▶ **Data supplied**
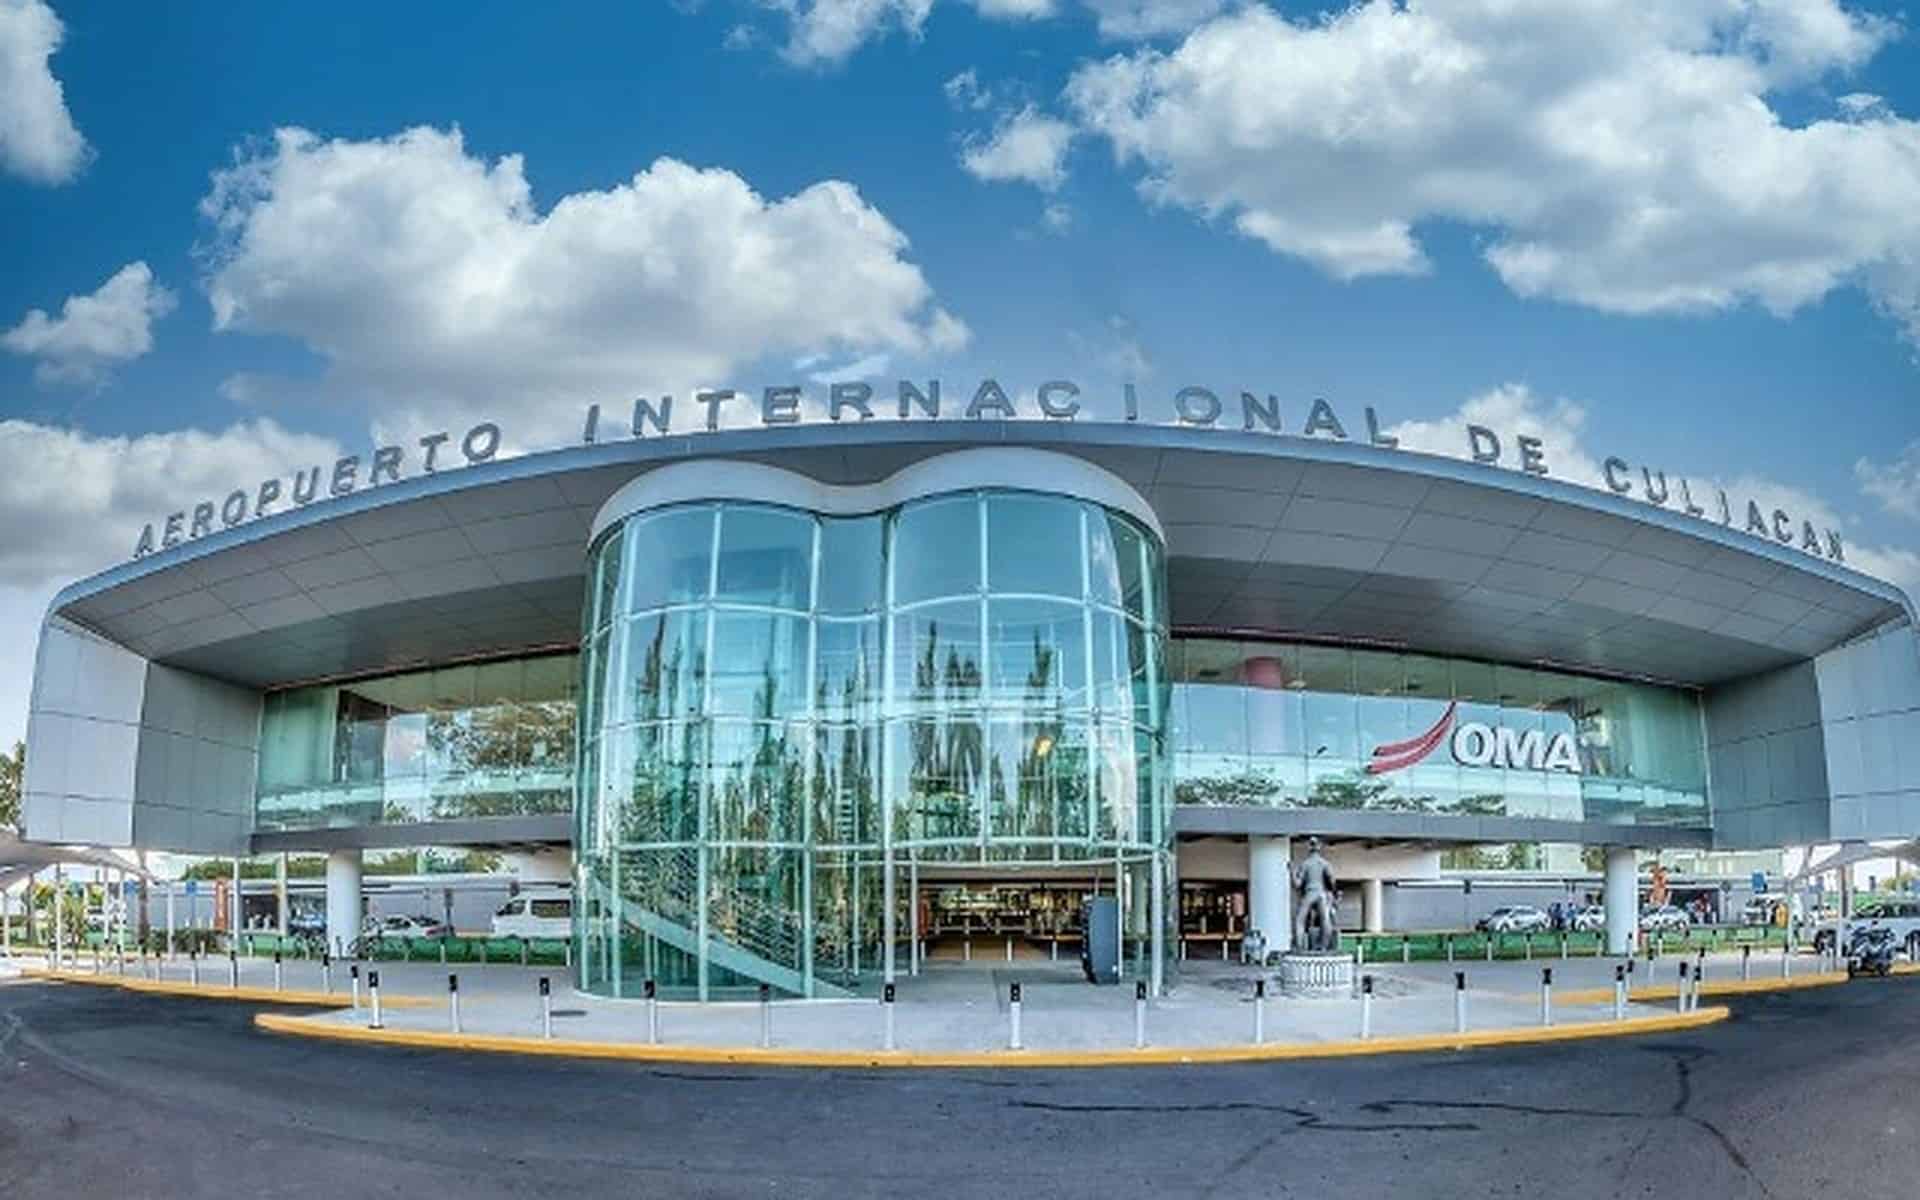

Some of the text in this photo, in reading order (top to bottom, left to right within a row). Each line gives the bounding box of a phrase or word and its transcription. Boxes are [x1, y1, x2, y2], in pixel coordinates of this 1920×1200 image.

[133, 379, 1845, 561] AEROPUERTO INTERNACIONAL DE CULIACAN
[1451, 722, 1584, 774] OMA
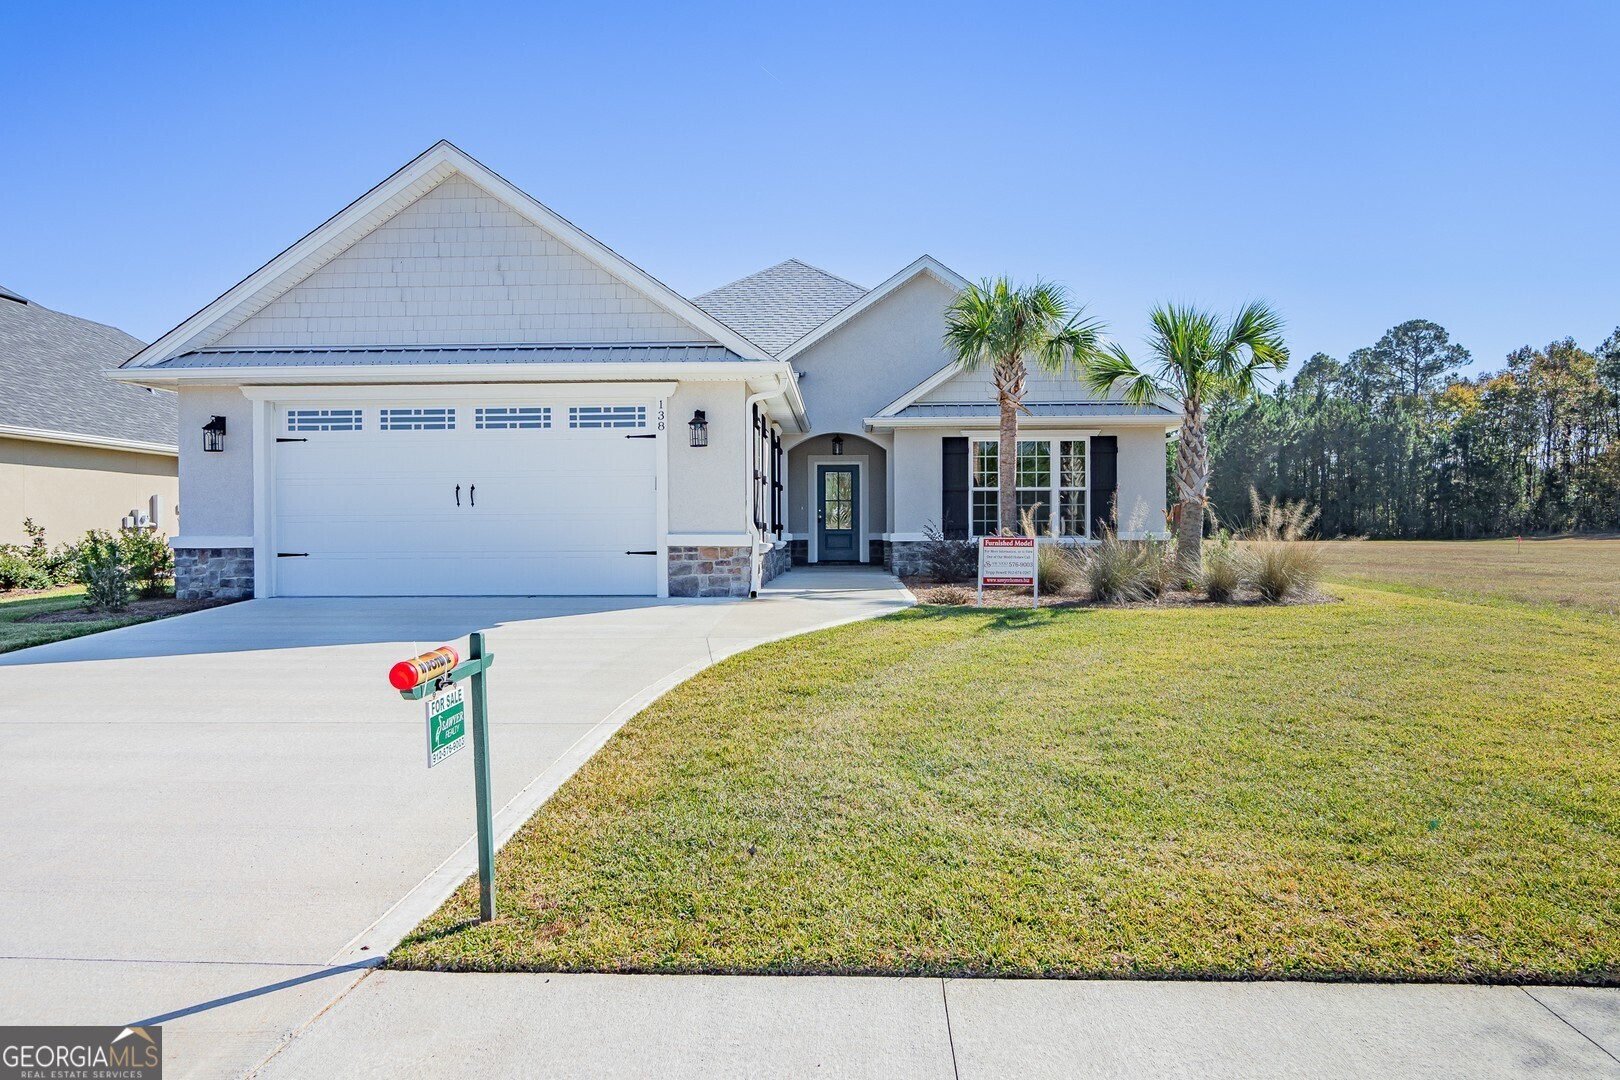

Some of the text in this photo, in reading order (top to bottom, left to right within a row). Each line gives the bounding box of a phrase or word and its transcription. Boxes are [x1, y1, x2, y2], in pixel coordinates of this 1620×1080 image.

[432, 689, 462, 715] FOR SALE
[441, 711, 464, 731] SAWYER
[445, 724, 460, 739] REALTY
[433, 737, 464, 763] 912-576-9003

▶ **Task statement**
Repeat the material above precisely as it appears, omitting the images it contains.

▶ **Finished task**
Some of the text in this photo, in reading order (top to bottom, left to right within a row). Each line gives the bounding box of a phrase or word and its transcription. Boxes are [x1, y1, x2, y2], in pixel coordinates of this 1920×1200 image.

[133, 379, 1845, 561] AEROPUERTO INTERNACIONAL DE CULIACAN
[1451, 722, 1584, 774] OMA

Some of the text in this photo, in reading order (top to bottom, left to right within a row). Each line gives the bounding box of a phrase or word and its transcription. Boxes are [x1, y1, x2, y2], in pixel coordinates of this 1620×1080 image.

[432, 689, 462, 715] FOR SALE
[441, 711, 464, 731] SAWYER
[445, 724, 460, 739] REALTY
[433, 737, 464, 763] 912-576-9003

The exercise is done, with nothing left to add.